> On Thu, 10 Mar 2005 06:52:52 +0000, Ray Brown <ray.brown@...>
> wrote:
>> Eng certainly has an upper case form. It's like the ordinary upper case N
>> with the 'eng tail'. Eng is actually used in some natlang orthographies.
>>
>> But you're sure right that it's riskier in electronic form than Ñ and ñ.

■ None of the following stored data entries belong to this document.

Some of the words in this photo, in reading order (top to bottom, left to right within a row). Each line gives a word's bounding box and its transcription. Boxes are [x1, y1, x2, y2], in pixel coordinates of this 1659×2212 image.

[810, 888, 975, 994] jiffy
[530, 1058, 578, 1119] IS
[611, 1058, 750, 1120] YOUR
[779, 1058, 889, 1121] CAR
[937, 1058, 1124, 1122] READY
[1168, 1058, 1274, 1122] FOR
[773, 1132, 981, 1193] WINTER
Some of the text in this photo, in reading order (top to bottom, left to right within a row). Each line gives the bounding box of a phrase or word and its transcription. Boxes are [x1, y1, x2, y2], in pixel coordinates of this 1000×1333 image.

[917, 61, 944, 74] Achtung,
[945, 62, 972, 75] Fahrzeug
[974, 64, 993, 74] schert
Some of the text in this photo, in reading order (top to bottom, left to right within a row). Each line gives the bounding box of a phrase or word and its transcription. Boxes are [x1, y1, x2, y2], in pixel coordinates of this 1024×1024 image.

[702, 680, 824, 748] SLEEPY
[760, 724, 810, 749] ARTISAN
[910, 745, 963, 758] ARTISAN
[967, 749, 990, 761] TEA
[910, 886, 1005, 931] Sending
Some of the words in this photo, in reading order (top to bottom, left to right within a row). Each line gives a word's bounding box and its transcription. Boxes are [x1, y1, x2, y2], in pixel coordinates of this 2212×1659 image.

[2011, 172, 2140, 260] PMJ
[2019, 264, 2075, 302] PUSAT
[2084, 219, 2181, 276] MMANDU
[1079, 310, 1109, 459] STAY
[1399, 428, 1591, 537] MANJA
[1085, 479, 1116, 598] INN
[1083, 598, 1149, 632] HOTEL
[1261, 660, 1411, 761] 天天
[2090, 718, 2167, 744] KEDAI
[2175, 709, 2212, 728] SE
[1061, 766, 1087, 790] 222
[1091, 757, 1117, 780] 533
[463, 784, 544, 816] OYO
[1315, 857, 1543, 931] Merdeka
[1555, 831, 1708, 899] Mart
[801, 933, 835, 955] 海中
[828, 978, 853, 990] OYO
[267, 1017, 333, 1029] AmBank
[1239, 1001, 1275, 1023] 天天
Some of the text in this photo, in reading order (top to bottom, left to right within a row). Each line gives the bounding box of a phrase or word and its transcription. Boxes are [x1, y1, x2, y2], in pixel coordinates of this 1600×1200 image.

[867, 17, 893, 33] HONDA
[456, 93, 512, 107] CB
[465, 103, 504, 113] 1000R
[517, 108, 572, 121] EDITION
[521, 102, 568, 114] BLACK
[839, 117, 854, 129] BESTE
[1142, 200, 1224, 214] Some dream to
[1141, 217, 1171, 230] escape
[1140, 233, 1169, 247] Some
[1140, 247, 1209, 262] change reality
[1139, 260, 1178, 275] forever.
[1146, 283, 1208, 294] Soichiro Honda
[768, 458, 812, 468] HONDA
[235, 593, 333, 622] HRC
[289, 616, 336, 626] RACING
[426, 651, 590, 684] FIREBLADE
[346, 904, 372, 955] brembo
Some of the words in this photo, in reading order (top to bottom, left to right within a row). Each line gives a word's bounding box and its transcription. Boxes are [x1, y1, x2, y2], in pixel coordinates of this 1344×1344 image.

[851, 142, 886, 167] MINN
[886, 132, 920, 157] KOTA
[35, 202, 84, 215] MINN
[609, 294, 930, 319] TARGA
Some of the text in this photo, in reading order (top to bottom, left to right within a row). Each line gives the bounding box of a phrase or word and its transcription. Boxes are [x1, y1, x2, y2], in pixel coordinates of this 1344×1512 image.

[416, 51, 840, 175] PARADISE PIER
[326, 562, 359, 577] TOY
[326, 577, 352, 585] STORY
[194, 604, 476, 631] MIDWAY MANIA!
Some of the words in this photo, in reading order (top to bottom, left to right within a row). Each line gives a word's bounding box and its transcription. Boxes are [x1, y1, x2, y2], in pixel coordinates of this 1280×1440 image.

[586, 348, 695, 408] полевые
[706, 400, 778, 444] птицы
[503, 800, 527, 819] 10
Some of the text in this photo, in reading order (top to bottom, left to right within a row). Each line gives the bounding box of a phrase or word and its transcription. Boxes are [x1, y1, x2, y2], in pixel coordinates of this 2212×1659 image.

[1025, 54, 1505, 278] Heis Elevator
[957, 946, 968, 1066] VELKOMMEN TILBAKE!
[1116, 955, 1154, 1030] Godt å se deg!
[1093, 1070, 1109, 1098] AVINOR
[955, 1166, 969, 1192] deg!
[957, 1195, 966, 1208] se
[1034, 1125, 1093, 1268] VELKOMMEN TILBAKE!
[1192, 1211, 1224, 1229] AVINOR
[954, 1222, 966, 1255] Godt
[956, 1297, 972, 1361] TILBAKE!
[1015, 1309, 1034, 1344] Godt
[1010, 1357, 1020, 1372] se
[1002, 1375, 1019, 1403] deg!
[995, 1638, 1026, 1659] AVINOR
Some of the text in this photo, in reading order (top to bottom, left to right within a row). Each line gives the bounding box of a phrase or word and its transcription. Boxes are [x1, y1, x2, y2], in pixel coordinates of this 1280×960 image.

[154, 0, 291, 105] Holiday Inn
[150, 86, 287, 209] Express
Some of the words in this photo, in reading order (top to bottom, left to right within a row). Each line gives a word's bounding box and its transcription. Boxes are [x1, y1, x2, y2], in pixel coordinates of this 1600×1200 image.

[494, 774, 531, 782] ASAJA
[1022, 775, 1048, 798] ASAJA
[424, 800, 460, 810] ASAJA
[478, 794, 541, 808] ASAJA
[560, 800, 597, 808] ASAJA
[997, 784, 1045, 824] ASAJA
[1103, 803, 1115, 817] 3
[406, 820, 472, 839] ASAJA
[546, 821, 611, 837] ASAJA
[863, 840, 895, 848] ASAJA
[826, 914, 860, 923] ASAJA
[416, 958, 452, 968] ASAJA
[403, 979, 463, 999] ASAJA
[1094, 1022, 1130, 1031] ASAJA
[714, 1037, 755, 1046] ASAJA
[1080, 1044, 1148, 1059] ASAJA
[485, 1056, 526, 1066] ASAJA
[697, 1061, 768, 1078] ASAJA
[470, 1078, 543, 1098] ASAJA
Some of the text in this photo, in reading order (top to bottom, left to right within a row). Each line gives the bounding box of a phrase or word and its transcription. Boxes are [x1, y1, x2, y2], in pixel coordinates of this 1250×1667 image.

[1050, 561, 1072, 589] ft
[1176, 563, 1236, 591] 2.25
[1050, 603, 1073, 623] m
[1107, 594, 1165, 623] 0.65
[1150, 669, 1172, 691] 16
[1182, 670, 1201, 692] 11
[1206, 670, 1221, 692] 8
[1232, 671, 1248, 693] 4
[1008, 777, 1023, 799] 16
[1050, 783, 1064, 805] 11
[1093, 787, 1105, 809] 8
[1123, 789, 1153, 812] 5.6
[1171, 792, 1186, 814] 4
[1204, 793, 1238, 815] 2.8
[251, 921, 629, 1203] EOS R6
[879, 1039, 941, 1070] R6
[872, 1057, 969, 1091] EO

>> Upper case eng is supposed to be Unicode Hex U+014A, namely Ŋ
>>
>> But my mailer displays it as a sort of lower case _h_, which is quite
>> wrong, and so do most of the many, many fonts on my machine; only Cardo
>> and Zapfino display it correctly.
>>
>> So if you want to see what the symbol really looks like, read my mail in
>> Cardo or Zapfino :)
>
> I saw it like this:
>
http://img.photobucket.com/albums/v405/pne/uppercase-eng.png . I don't
> know which font my mailer chose; the body of the mail was Arial,
> however.
>
> It doesn't look like the Unicode reference glyph (capital N with eng
> tail), but not like a lower-case h, either -- more like an incomplete
> capital D or, well, a capital version of lower-case eng (but with no
> descender).
>
Apparently, there are two competing forms for the uppercase eng.
Just have a look at the Unicode standard.